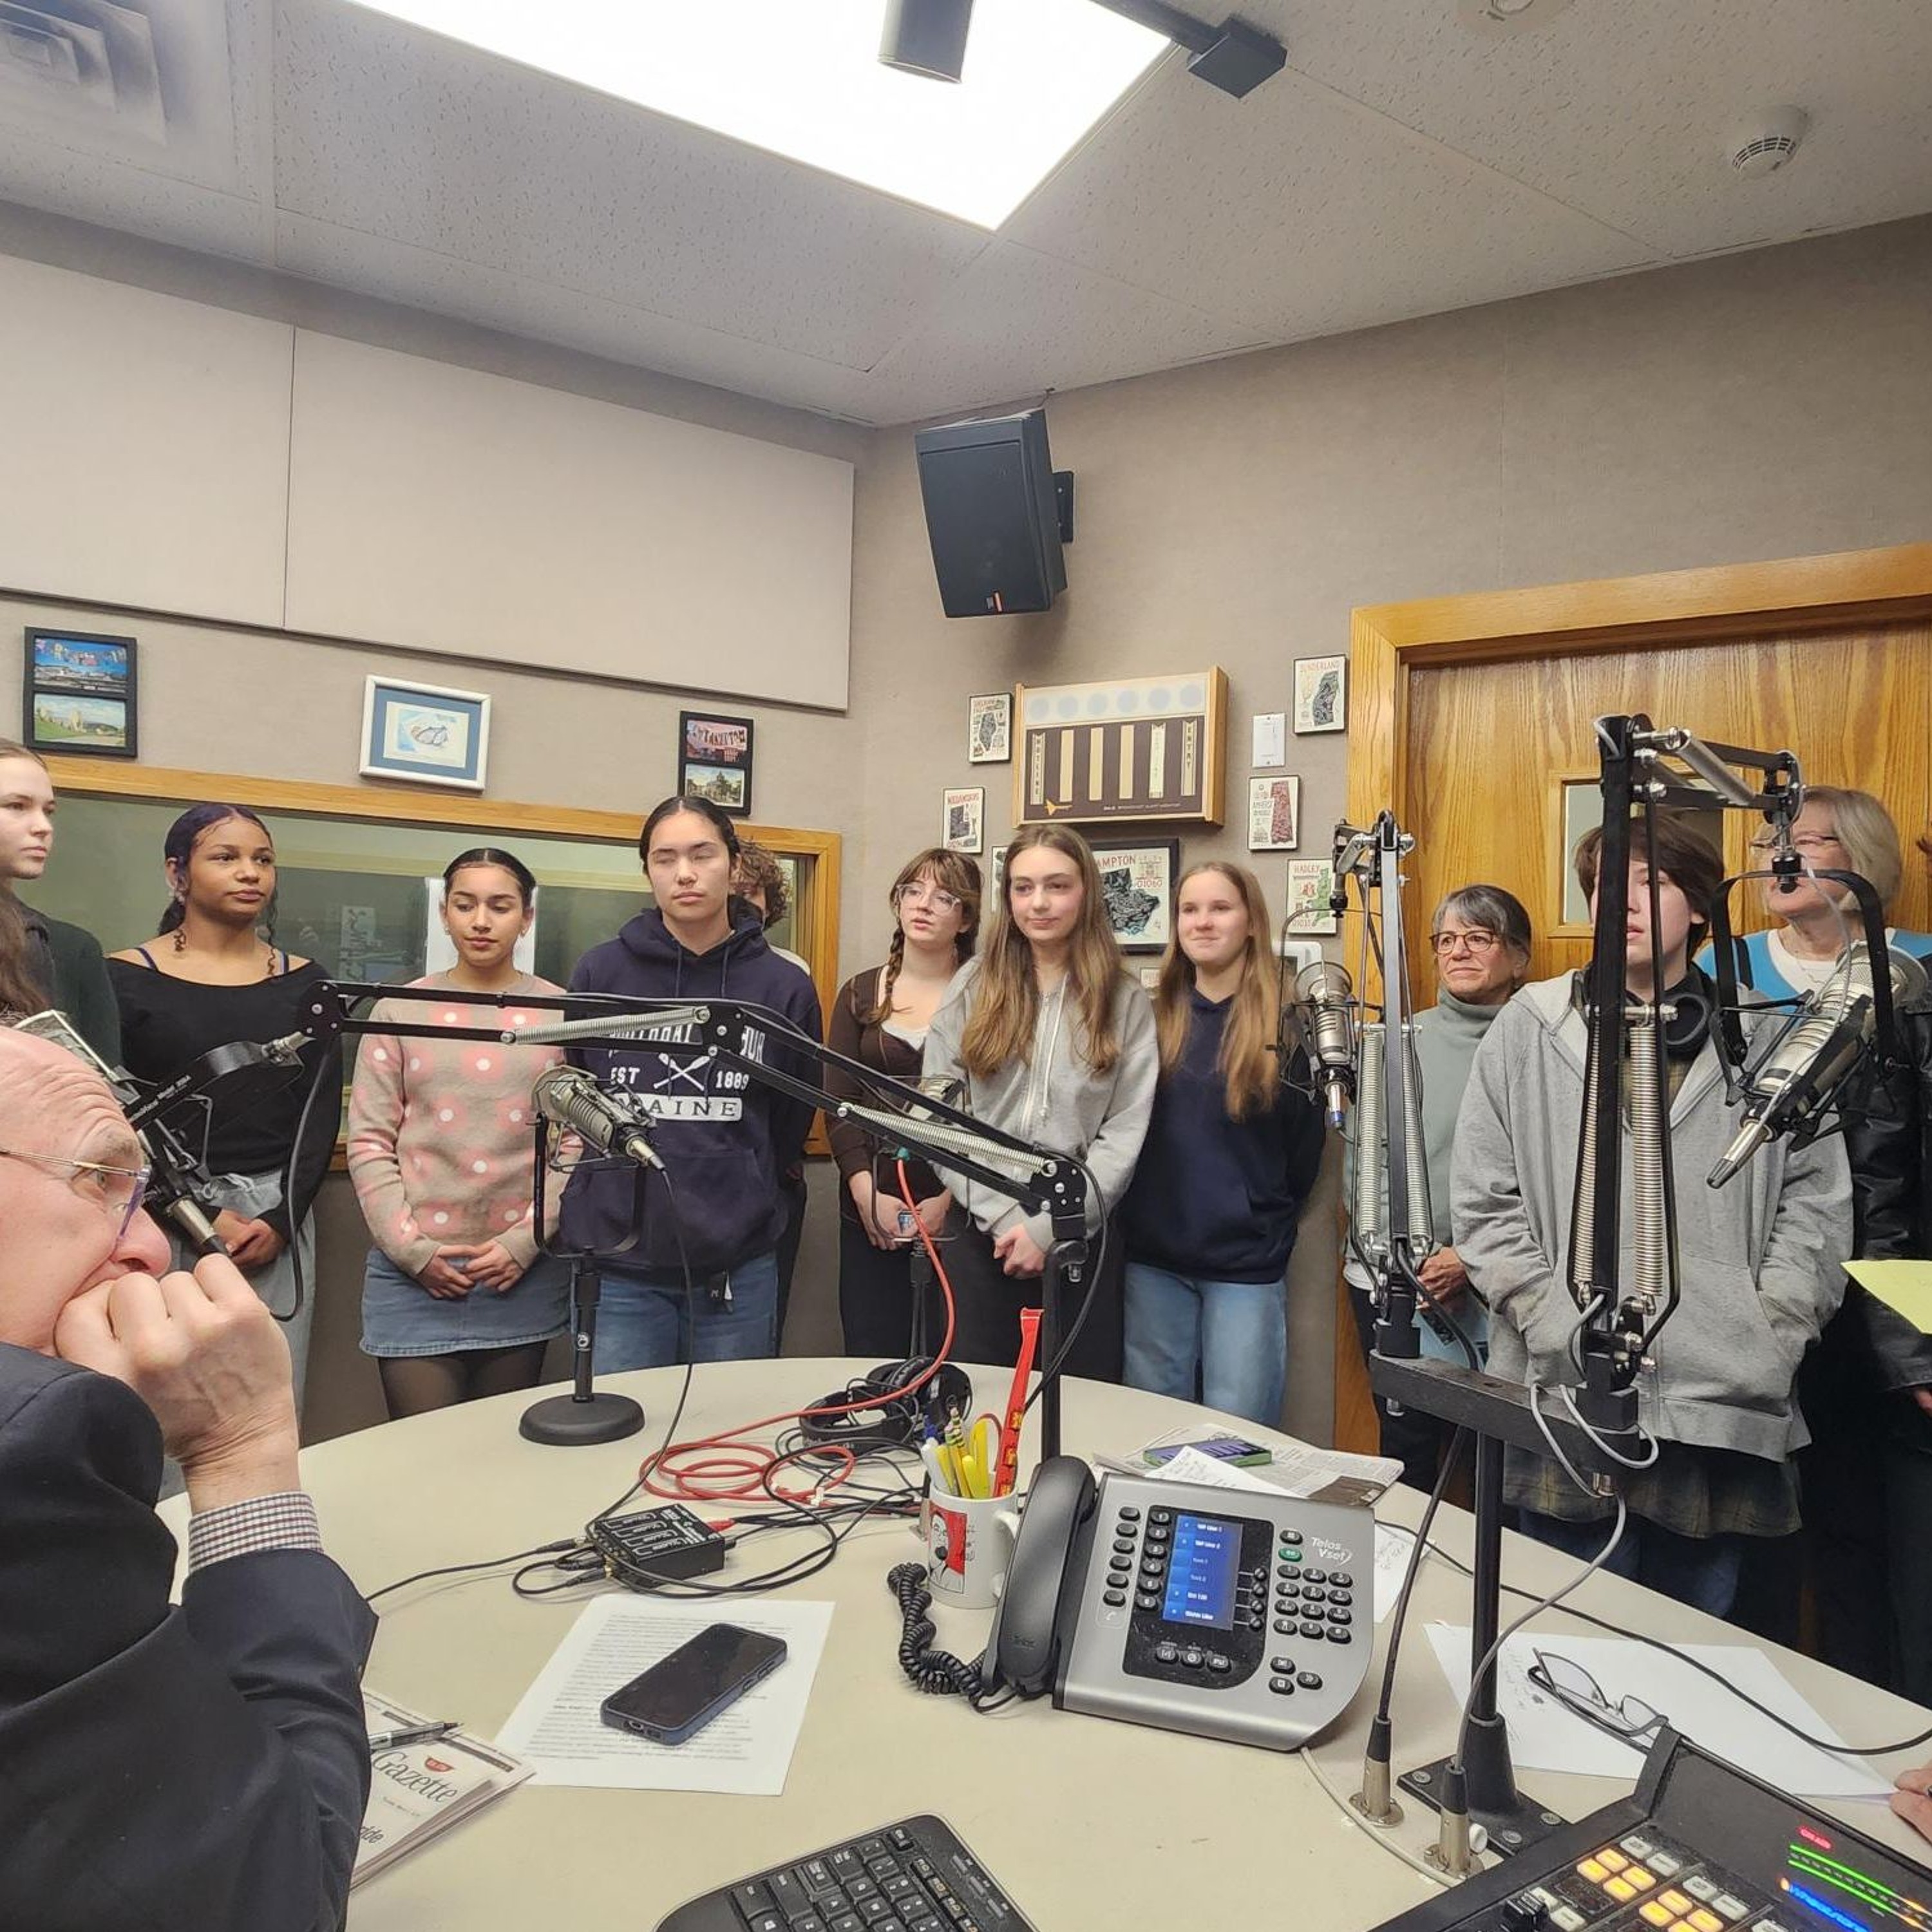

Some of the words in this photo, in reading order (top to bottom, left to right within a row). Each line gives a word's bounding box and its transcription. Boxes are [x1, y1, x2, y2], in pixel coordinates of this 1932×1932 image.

[1096, 855, 1136, 868] AMPTON
[715, 1070, 750, 1090] 1889
[648, 1099, 738, 1117] AINE
[1311, 1537, 1341, 1550] Telos
[372, 1751, 457, 1802] Gazette

• • • • • • •

YOUR OBJECTIVE
Each record must be quoted in full and exactly. Do not include the pictures.

ANSWER BOX
Some of the words in this photo, in reading order (top to bottom, left to right within a row). Each line gives a word's bounding box and its transcription. Boxes are [x1, y1, x2, y2], in pixel coordinates of this 1932×1932 image.

[1096, 855, 1136, 868] AMPTON
[715, 1070, 750, 1090] 1889
[648, 1099, 738, 1117] AINE
[1311, 1537, 1341, 1550] Telos
[372, 1751, 457, 1802] Gazette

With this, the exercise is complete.